The third piece is a scenario simulator, effectively a digital twin of the operation, so an ops team can rehearse a winter-storm scenario in advance and test recovery strategies when there's no actual storm and no actual clock. Aviation already trusts digital twins where the data is rich — Lufthansa's AVIATAR platform ingests 23.7 terabytes a day across 34 airline integrations and hits 93.6% accuracy on maintenance failure prediction. Crew and scheduling twins are still nascent, which is precisely where the opportunity is.

And running through all of it is the constraint engine. Every recommendation has to be legal under FAA Part 117 fatigue rules — the 8-to-9-hour flight time limits, the 9-to-14-hour duty periods — and under the airline's union contract, which is frequently more restrictive than the regulation. Most vendors treat those rules as "configuration." We treat encoding a carrier's specific collective bargaining agreement, by fleet and by domicile, as core engineering, because a recovery plan that violates a CBA clause isn't a plan — it's a grievance.

Why We Run in Shadow Mode First

People in this industry are right to distrust a black box telling them how to move pilots at 3 AM. So I'll tell you the objection I hear most, because I had it myself.

An ops VP early on told us, more or less, that they'd just licensed the AI disruption add-on from their incumbent and didn't see why they needed us. Fair. Then the next storm came, the add-on gave them predictions and not executable crew recovery, and the dispatchers were back on the whiteboard. The distinction that conversation taught me: there's a world of difference between agentic AI for passenger-facing chat — the conference-circuit buzzword of 2026 — and AI that makes operational decisions about crews and aircraft. A chatbot that re-accommodates a passenger is a fine thing. It is not the same engineering problem as recovering a network.

That's why the first time any airline runs our engine, it doesn't touch operations. It runs in shadow mode: our model's recommendation sits beside the human dispatcher's actual decision, and we measure the gap, day after day, on the airline's own disruptions. Trust isn't asserted in a sales deck. It's earned on a comparison sheet, with no operational risk, until the ops team decides for themselves that the recommendations are better than the whiteboard.

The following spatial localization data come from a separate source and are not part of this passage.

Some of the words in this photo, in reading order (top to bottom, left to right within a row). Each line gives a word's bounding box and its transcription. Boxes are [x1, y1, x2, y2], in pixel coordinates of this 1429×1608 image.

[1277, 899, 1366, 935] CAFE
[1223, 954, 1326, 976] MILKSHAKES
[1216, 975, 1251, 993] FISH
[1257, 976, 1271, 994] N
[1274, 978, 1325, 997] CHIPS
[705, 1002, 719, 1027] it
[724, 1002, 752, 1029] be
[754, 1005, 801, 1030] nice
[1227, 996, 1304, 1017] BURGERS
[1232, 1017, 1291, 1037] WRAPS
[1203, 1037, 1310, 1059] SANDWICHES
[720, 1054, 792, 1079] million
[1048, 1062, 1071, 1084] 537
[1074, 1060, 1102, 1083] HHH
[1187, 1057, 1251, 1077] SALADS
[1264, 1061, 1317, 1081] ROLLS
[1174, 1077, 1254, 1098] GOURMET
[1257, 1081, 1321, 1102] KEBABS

You don't earn the right to reroute someone's pilots with a benchmark. You earn it by being right, quietly, next to a human, for weeks, before anyone has to believe you.

The honest truth is that watching shadow mode is when I understood what we were actually selling. Not an optimizer. Not speed. We were selling a way for an operations leader to believe a machine on the worst night of their year — and belief has to be built before the storm, not during it.

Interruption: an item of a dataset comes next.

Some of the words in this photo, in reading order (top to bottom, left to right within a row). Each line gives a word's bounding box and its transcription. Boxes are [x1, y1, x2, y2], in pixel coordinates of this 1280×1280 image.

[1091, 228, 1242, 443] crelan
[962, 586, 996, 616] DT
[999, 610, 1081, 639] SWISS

What the 15 Days Are Really Worth

If you run a mid-size airline's operation, your crew solver works fine 350 days a year. I'm not here to argue otherwise. The question is what happens on the 15 days it doesn't — and those are the days that produce the billion-dollar headlines, the 43%-of-crews-misassigned audits, and now, since last October, the automatic cash refunds metered by the hour.

The mistake the whole industry keeps making — the mistake I made first, with my own faster solver — is treating those 15 days as a speed problem to be solved by computing harder. They're not. They're a certainty problem, and you don't solve a certainty problem by demanding more certainty from a world that's actively coming apart. You solve it by building something that reasons under uncertainty, rehearses the disaster before it arrives, and proves itself in the shadows before it's ever trusted in the light. That's the engine we built, and it's described in full at our airline crew scheduling AI solution.

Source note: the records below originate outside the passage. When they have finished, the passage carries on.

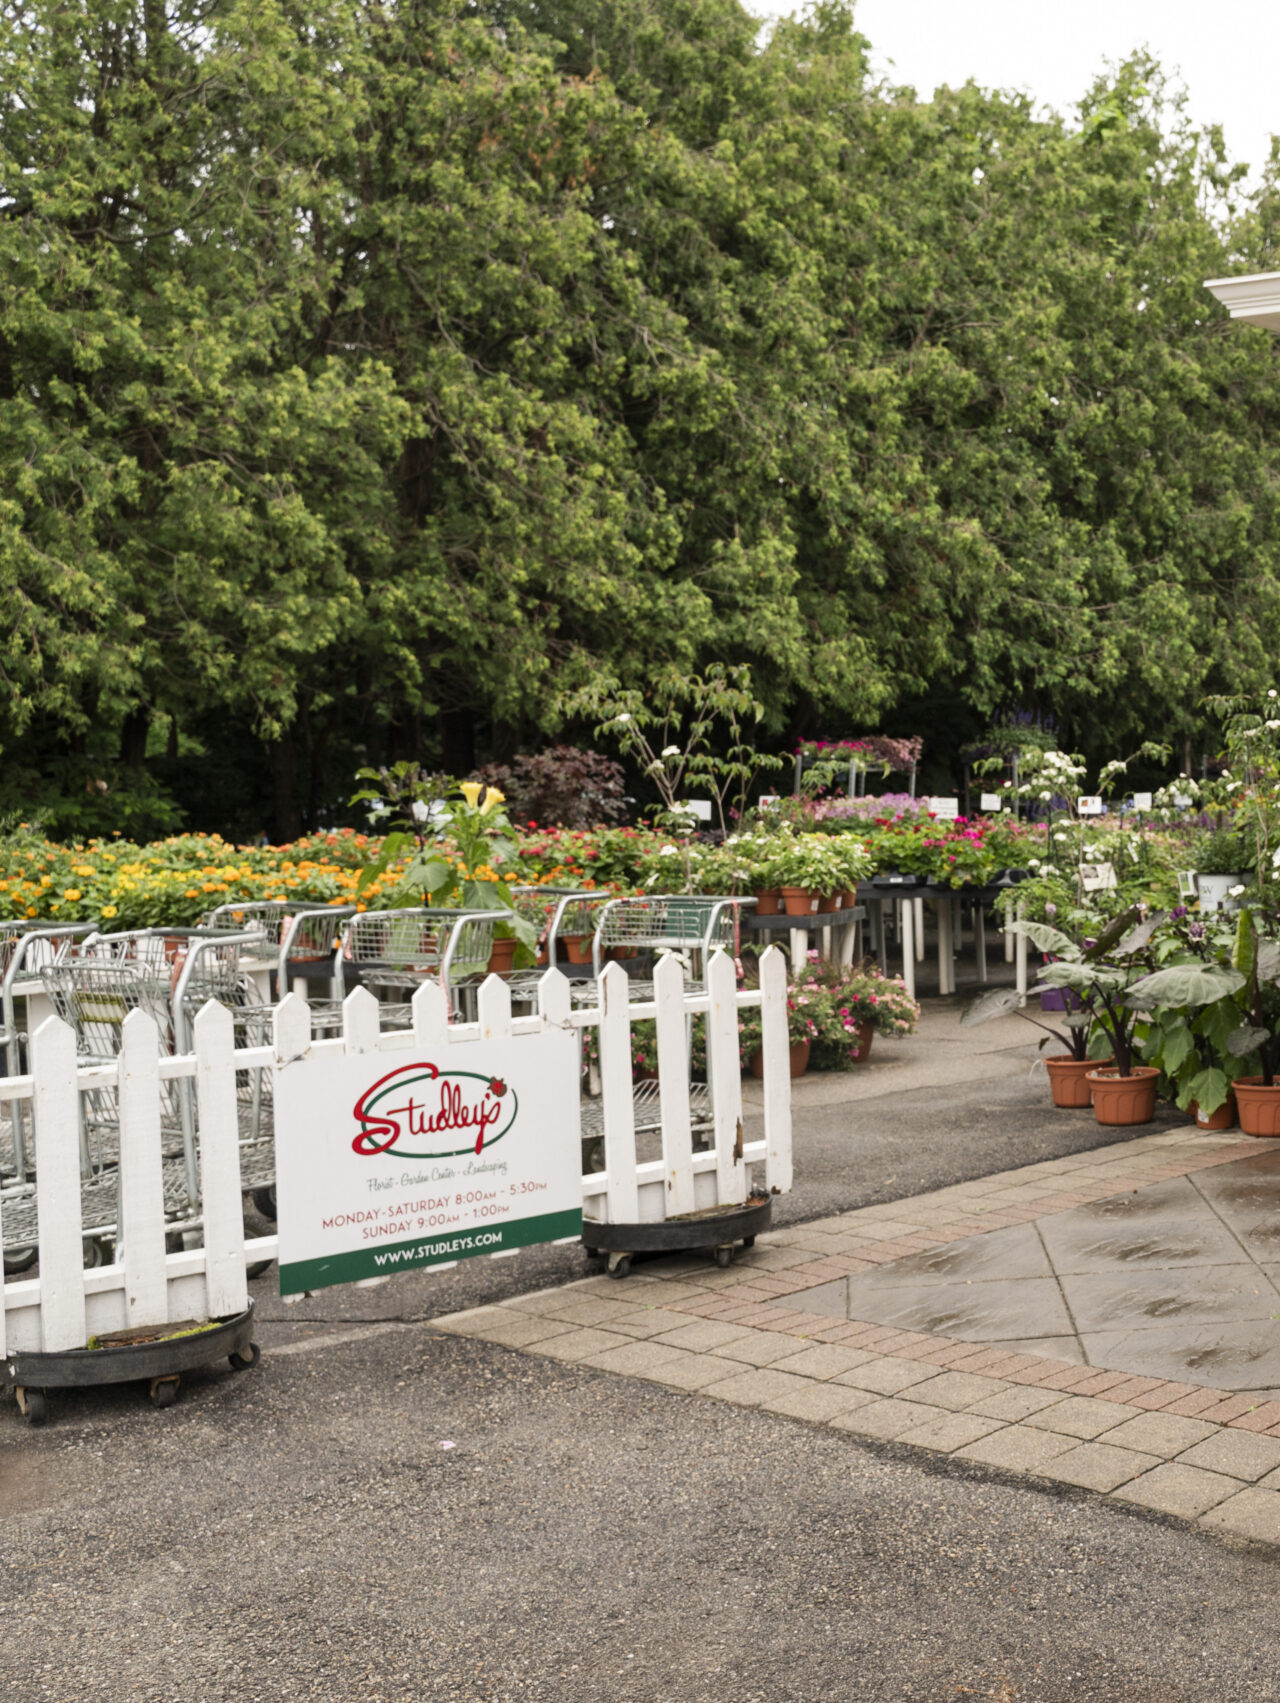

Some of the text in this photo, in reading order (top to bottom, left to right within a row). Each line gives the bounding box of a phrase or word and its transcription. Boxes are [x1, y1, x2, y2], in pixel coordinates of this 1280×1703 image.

[351, 1062, 501, 1155] Studley's
[400, 1171, 430, 1187] Garden
[322, 1196, 451, 1230] MONDAY-SATURDAY
[362, 1219, 413, 1240] SUNDAY
[374, 1231, 503, 1266] WWW.STUDLEYS.COM

Somewhere tonight there's an ops control center where the video wall is calm and green, and a crew solver is humming through its batch cycle exactly as designed. The work we do is for the night that room turns red — when the phones back up, the pairings break faster than anyone can write them down, and a dispatcher reaches for a whiteboard because the certainty the software demands has quietly left the building. The whole point is to make sure that, on that night, the machine is still reasoning honestly about an airline it can no longer fully see.